By Brian Volck
As I write this, I’m wrapping up two weeks of work on the Navajo Reservation, the place I once lived, where my sons where born, where my love for the desert is rooted like a cottonwood on a riverbank. The time has been a liturgy of remembrance: catching up with old friends as I walk the hospital hallways, revisiting places I haven’t seen in years, and walking a friend’s dog on the abandoned town airstrip while I take in the familiar and—for my heart—endlessly nurturing landscape.
Just before I traveled here from Cincinnati, a friend emailed about her recent trip to Finland where, among other things, she and her husband enjoyed a sauna. Her short account was funny and spot-on in detail, down to the intense, wood-fired heat punctuated by headlong leaps into frigid lake water. She had other wonderful things to say about her travels, but I stopped short at her sauna story, which conjured unexpectedly vivid memories of another landscape. The pixels and characters before me dissolved in my mind into images of Canadian lakeshores, the feel of a canoe on dark water, the slap of waves on a rocky spit.
The summer between my first and second years of medical school, I needed to get as far from the medical-industrial complex’s madness as possible, and an island camp in western Ontario worked for me. Like so many others since, this was a working vacation. I’d landed a volunteer position as counselor for a Jesuit-affiliated program for "abandoned, abused and neglected boys." These were ten-to-fourteen-year-olds from various US cities, living most of the year in “non-institutional, family-like homes,” with adult counselors, and gathering each summer for a wilderness adventure.
My job was to be a steadying influence—for which I had little talent or training—while leading week-long canoe trips in a labyrinth of interconnected lakes or guiding kids through a ropes course on the back half of the island. The goal was to peel away some of the emotional armor most of the boys acquired through years of unhappy, sometimes brutal, experience and to help them learn to work as a team, perhaps even to trust one another in common pursuits. Days were full and delightfully exhausting, and the boys had an early bedtime, affording the counselors enough peace to read, write in journals, shiver in the mystery of the Northern Lights or listen for wolves singing on the mainland.
When I wasn’t doing something which qualified as “counseling,” there was plenty of other work to keep me occupied.
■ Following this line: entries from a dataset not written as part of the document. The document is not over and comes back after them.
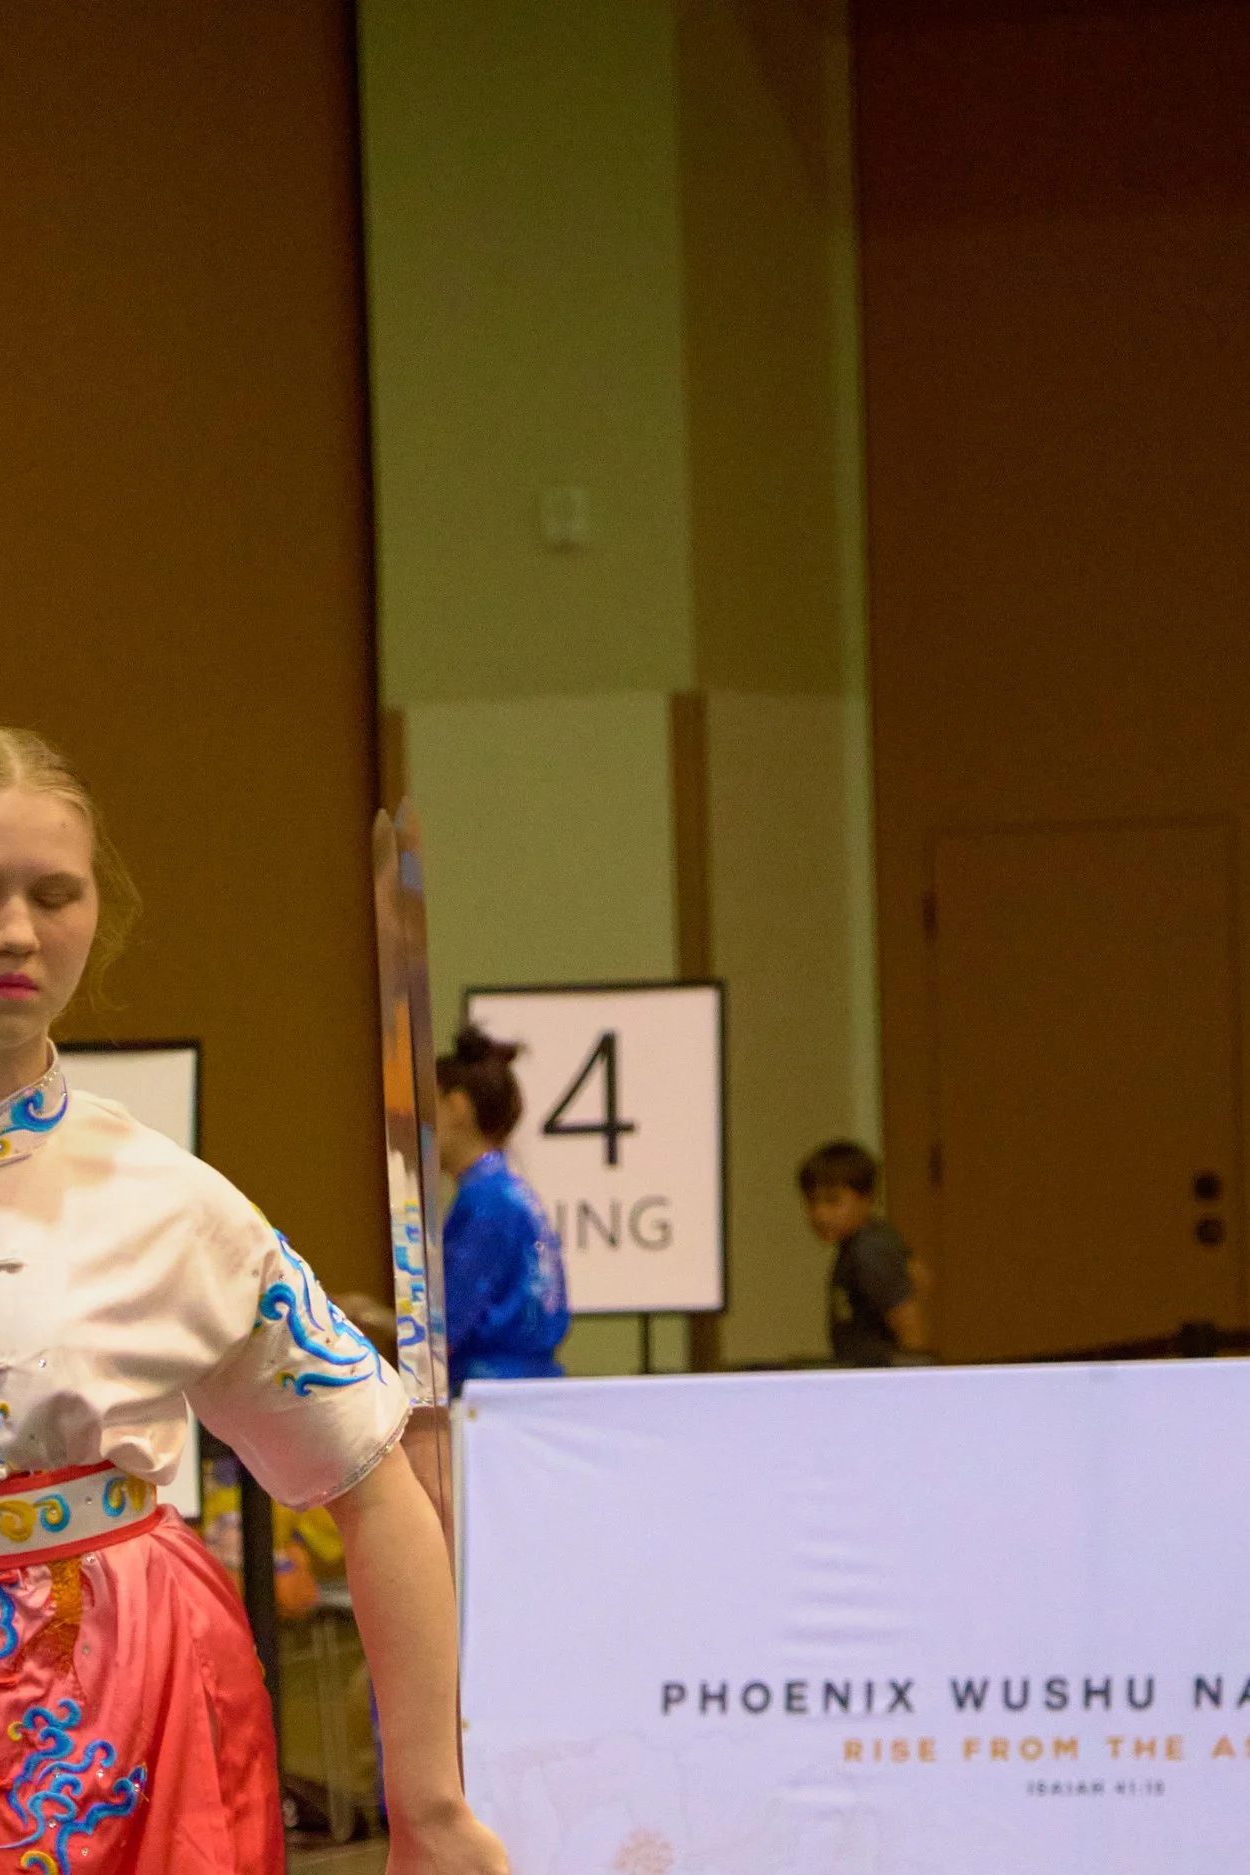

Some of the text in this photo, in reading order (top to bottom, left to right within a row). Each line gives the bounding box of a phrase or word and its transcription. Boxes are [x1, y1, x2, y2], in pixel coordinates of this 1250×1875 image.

[541, 1030, 636, 1166] 4
[554, 1194, 674, 1251] ING
[661, 1676, 917, 1715] PHOENIX
[950, 1674, 1154, 1712] WUSHU
[843, 1734, 1250, 1764] RISE FROM THE A
Among other tasks, I helped construct a wooden diving dock. Planks were nailed to 2x6 boards strung between supporting log cribs, the bottoms of which rested on the lake bed. While filling the cribs with stones, two split near the base, setting everything askew. To repair the damage, I and a few others dove to the rocky lake bed, down where the light flickered, and shored up the crib bottoms with flat, heavy stones. We wore swim masks without snorkels, but no other diving equipment. The water was tea-brown and painfully cold, the winter ice that covered the lake having held until May. In the watery twilight, fingers stiffened and muscles ached. We worked for ten minutes or so at a time before pausing to warm up in the July sun, then set again to our underwater task.
What made those chilling days tolerable was the sauna waiting at the end of the workday. We stoked the oven with logs till the metal pinged and creaked, then sat naked in the close, baking air, soaking up heat. When ready, we dashed to the end of a short nearby pier and leap into the very same water we’d shivered in that afternoon. Then we ran back to the sauna and do it all over again. The extremes were exhilarating, certain evidence we were alive in the moment.
In the time between sauna and supper, I dressed and found an isolated stretch of shoreline. The pleasurable ache from physical labor and a bone-warming sauna afterglow enlarged my senses. I sat without speaking, fully attentive to the wind in the pines. The wind’s voice was omnipresent that summer, if not in fact, then at least in my memory. Often it was quiet, rising and falling like a sleeping lover’s breath. Sometimes it grew ominous, announcing an approaching storm; or demanding, as the night I awoke while camping on a tiny island, gusts flapping the tent sides like pennants, and I rushed barefoot to the shore, securing our beached canoes from being blown away and lost.
Those panicked moments ought to have left psychic scars, but when I remember the wind that summer, I feel peace, not terror. I’ve canoed in Ontario lakes since, each visit a return to that sublimity. “Every angel is terrible,” Rilke warns, though scriptural angels generally announce their arrival with words of peace and admonitions against fear. So does the risen Christ. So, I take it, does the Spirit, albeit wordlessly.
I learned many lasting things in that summer during medical school, including how to portage a canoe alone and how to properly stoke a wood-fired sauna. Before I fell in love with desert silence, I learned to love the wind stirring dark green pines on a rocky Canadian lakeshore. I still do.